Input data below:

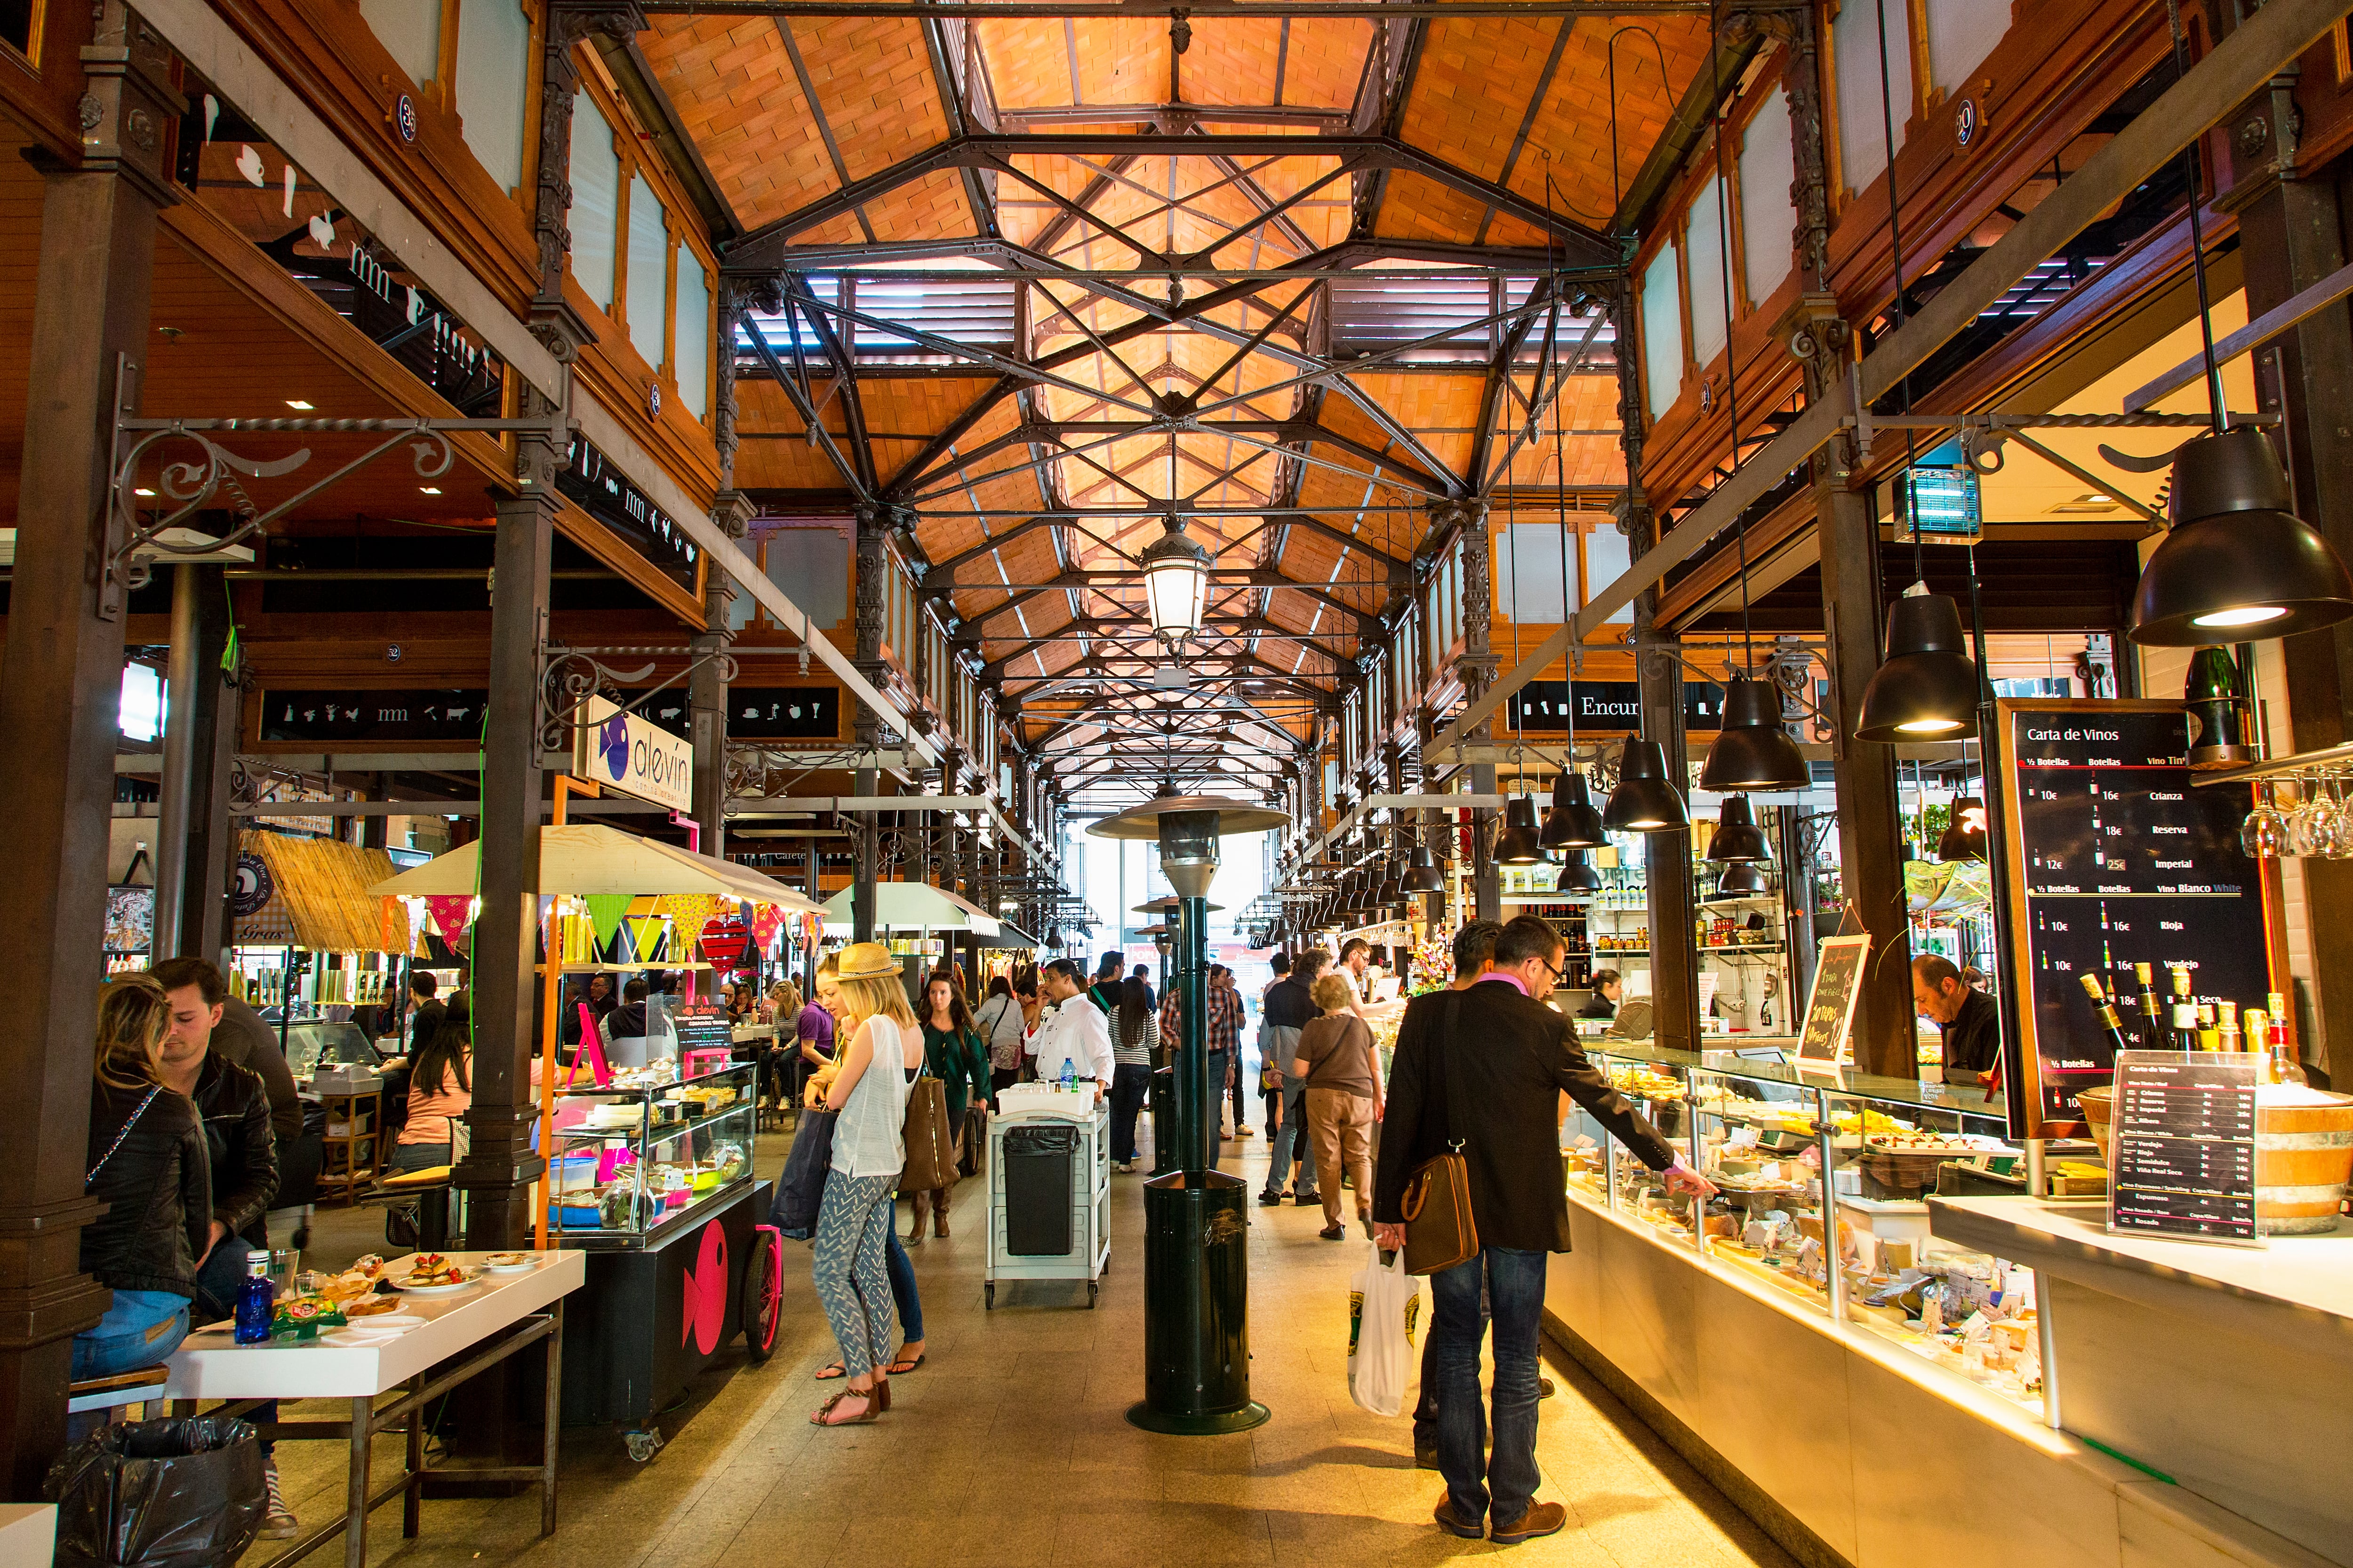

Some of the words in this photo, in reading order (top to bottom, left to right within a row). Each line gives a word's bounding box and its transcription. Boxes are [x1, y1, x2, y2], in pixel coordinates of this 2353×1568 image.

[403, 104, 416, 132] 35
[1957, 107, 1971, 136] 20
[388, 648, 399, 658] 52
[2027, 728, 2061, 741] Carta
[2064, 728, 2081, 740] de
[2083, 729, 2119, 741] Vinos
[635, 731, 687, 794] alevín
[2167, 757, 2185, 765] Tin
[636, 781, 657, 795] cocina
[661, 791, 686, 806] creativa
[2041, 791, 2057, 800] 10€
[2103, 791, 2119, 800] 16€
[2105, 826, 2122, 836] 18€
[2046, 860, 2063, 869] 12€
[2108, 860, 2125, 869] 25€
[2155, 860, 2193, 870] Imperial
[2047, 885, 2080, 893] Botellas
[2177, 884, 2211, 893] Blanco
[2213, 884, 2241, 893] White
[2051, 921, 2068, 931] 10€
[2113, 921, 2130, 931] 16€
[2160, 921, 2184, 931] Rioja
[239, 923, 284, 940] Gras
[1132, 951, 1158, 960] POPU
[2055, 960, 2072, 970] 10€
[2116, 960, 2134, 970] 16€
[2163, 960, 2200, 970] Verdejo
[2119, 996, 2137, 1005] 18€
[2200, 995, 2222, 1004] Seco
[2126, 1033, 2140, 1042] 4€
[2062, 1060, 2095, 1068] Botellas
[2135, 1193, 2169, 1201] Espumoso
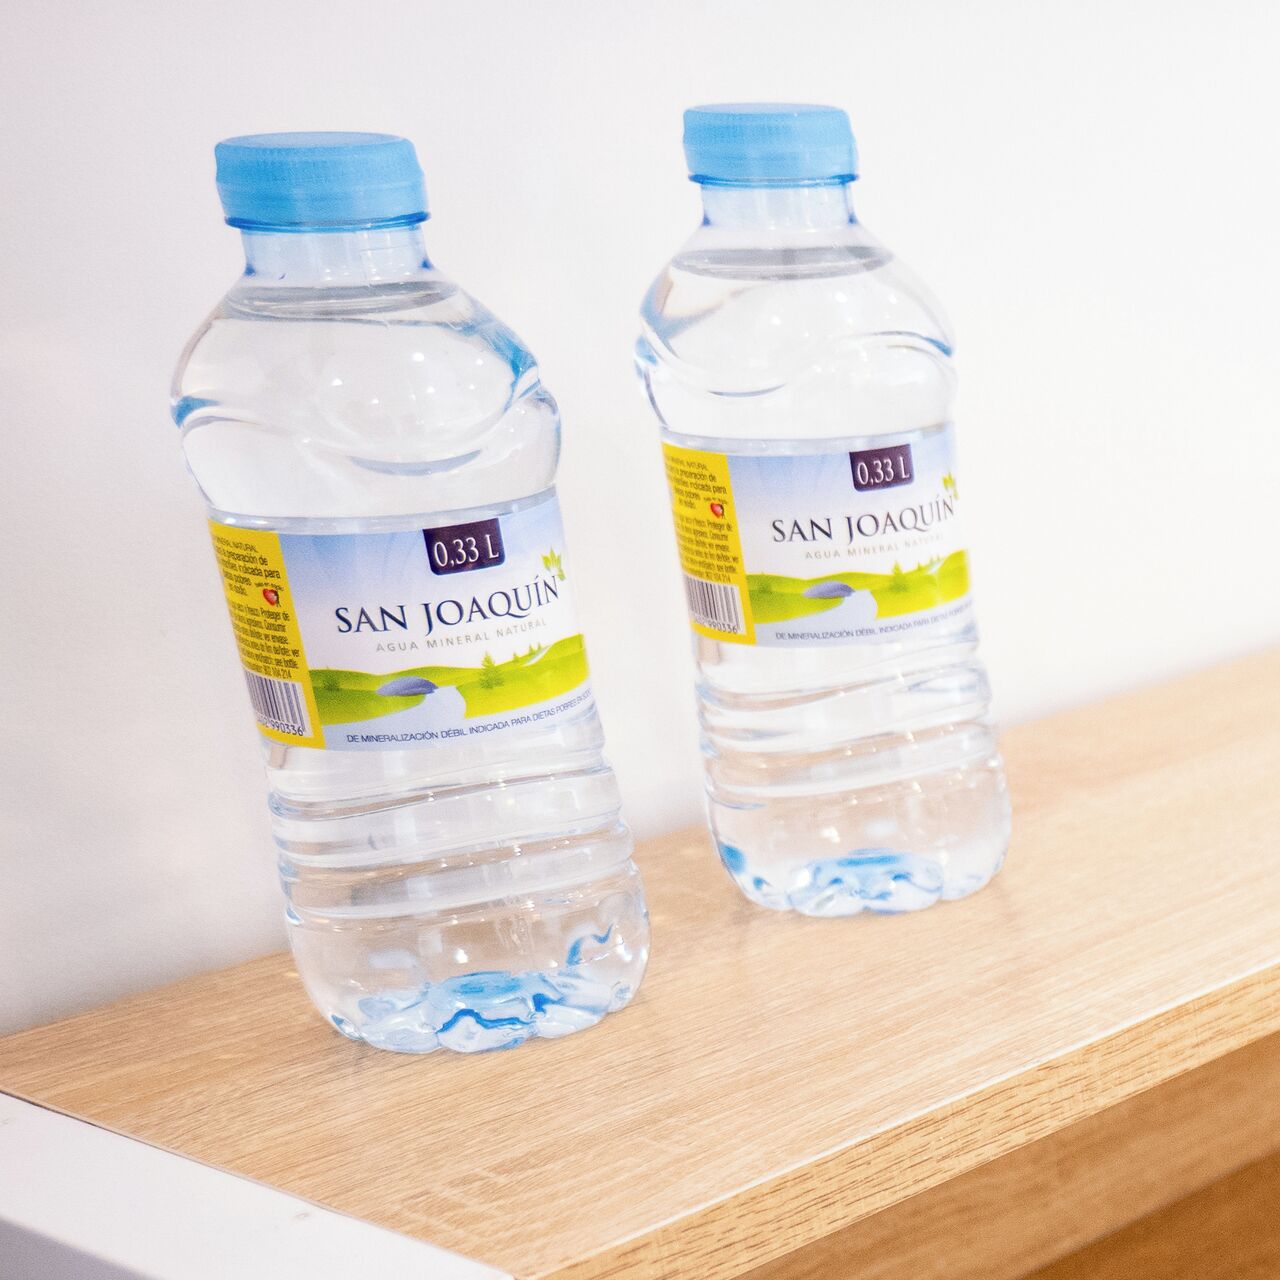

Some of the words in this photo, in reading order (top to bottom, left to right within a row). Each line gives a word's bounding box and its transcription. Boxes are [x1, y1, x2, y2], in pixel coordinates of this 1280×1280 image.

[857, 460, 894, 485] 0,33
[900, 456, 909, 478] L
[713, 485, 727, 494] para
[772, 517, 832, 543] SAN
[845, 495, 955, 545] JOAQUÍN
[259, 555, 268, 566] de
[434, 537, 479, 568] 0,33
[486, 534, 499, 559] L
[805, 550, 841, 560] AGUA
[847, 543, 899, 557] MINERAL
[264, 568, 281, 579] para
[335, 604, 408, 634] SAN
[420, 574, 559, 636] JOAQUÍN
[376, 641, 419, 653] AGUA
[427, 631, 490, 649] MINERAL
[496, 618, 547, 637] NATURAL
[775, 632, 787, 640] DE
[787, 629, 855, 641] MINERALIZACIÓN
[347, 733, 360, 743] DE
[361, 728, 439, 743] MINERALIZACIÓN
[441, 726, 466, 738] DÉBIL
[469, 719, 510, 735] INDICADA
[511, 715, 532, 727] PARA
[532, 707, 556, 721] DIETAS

End of Input data.

Task description:
Each entry above should be restated word for word, though no picture may appear in the copy.

Expected answer:
Some of the words in this photo, in reading order (top to bottom, left to right within a row). Each line gives a word's bounding box and its transcription. Boxes are [x1, y1, x2, y2], in pixel coordinates of this 2353×1568 image.

[403, 104, 416, 132] 35
[1957, 107, 1971, 136] 20
[388, 648, 399, 658] 52
[2027, 728, 2061, 741] Carta
[2064, 728, 2081, 740] de
[2083, 729, 2119, 741] Vinos
[635, 731, 687, 794] alevín
[2167, 757, 2185, 765] Tin
[636, 781, 657, 795] cocina
[661, 791, 686, 806] creativa
[2041, 791, 2057, 800] 10€
[2103, 791, 2119, 800] 16€
[2105, 826, 2122, 836] 18€
[2046, 860, 2063, 869] 12€
[2108, 860, 2125, 869] 25€
[2155, 860, 2193, 870] Imperial
[2047, 885, 2080, 893] Botellas
[2177, 884, 2211, 893] Blanco
[2213, 884, 2241, 893] White
[2051, 921, 2068, 931] 10€
[2113, 921, 2130, 931] 16€
[2160, 921, 2184, 931] Rioja
[239, 923, 284, 940] Gras
[1132, 951, 1158, 960] POPU
[2055, 960, 2072, 970] 10€
[2116, 960, 2134, 970] 16€
[2163, 960, 2200, 970] Verdejo
[2119, 996, 2137, 1005] 18€
[2200, 995, 2222, 1004] Seco
[2126, 1033, 2140, 1042] 4€
[2062, 1060, 2095, 1068] Botellas
[2135, 1193, 2169, 1201] Espumoso

Some of the words in this photo, in reading order (top to bottom, left to right within a row). Each line gives a word's bounding box and its transcription. Boxes are [x1, y1, x2, y2], in pixel coordinates of this 1280×1280 image.

[857, 460, 894, 485] 0,33
[900, 456, 909, 478] L
[713, 485, 727, 494] para
[772, 517, 832, 543] SAN
[845, 495, 955, 545] JOAQUÍN
[259, 555, 268, 566] de
[434, 537, 479, 568] 0,33
[486, 534, 499, 559] L
[805, 550, 841, 560] AGUA
[847, 543, 899, 557] MINERAL
[264, 568, 281, 579] para
[335, 604, 408, 634] SAN
[420, 574, 559, 636] JOAQUÍN
[376, 641, 419, 653] AGUA
[427, 631, 490, 649] MINERAL
[496, 618, 547, 637] NATURAL
[775, 632, 787, 640] DE
[787, 629, 855, 641] MINERALIZACIÓN
[347, 733, 360, 743] DE
[361, 728, 439, 743] MINERALIZACIÓN
[441, 726, 466, 738] DÉBIL
[469, 719, 510, 735] INDICADA
[511, 715, 532, 727] PARA
[532, 707, 556, 721] DIETAS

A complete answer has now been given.